In vivo study, Burd et al. used standard homologous recombination procedures to target firefly luciferase on the SV40 polyadenylation site to exon 1α of the endogenous p16^INK4a gene [12]. Then they applied RNA in situ hybridization (ISH) by using RNAscope 2.0 technology to detect this faithfully reports expression gene, which serves as a tumor suppressor and aging biomarker. Their work suggests that p16^INK4a activation is a characteristic of all emerging cancers and it could be set as a sensitive, unbiased reporter of neoplastic transformation. While in situ RNA study, Staudt et al. applied macrophage inflammatory protein-1a/CCL3-specific RNA target probe set, which targeted nucleotides 23 to 771 of the CCL cDNA sequence to detect CCL3 mRNA in tumor samples [13]. CCL3 is a chemokine, which is known to amplify inflammation. They found inhibiting NF-ҡB reversed the increase in CCL3 expression associated with LDL receptor-related protein (LRP1) gene silencing in macrophage-like cells. LRP1 is a type 1 transmembrane receptor, which mediates ligand endocytosis and impact cell migration. This phenomenon suggested to prevent LRP1 down regulation in myeloid cells might suppress monocyte recruitment to tumors and cancer angiogenesis.

EMT biomarkers development

Yu et al. optimized microfluidic capture of CTCs with epithelial- and tumor-specific antibodies, and they then applied this technology to analyze epithelial-mesenchymal transition (EMT) in CTCs from breast cancer patients [11]. They established quantitative, dual-colorimetric RNA-ISH assay to examine the expression of seven pooled epithelial (E) transcripts and three mesenchymal (M) transcripts in tumor cells. In their research, they found that all three major histological subtypes of invasive breast cancer (i.e.
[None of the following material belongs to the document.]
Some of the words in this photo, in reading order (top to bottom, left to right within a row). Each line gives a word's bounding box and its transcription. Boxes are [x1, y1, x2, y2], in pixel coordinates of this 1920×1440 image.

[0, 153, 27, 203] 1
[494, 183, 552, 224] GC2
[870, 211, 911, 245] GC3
ER+/PR+ subtype; HER2+ subtype; and the ER–/PR–/HER2– triple negative subtype) contained rare tumor cells with epithelial morphology that stained with both E and M markers, while that benign breast tissue and tumor cells in pre-invasive ductal carcinoma in situ (DCIS) lesions and reactive stromal cells were exclusively epithelial or mesenchymal. By comparing CTC features in pre- and post treatment blood samples from clinical cases, they found patients who responded to therapy showed a decrease in CTC numbers and/or a proportional decrease in M + compared with E+ CTCs after treatment. In contrast, the patients who had progressive disease while on therapy showed an increased number of M+ CTCs in the post treatment samples.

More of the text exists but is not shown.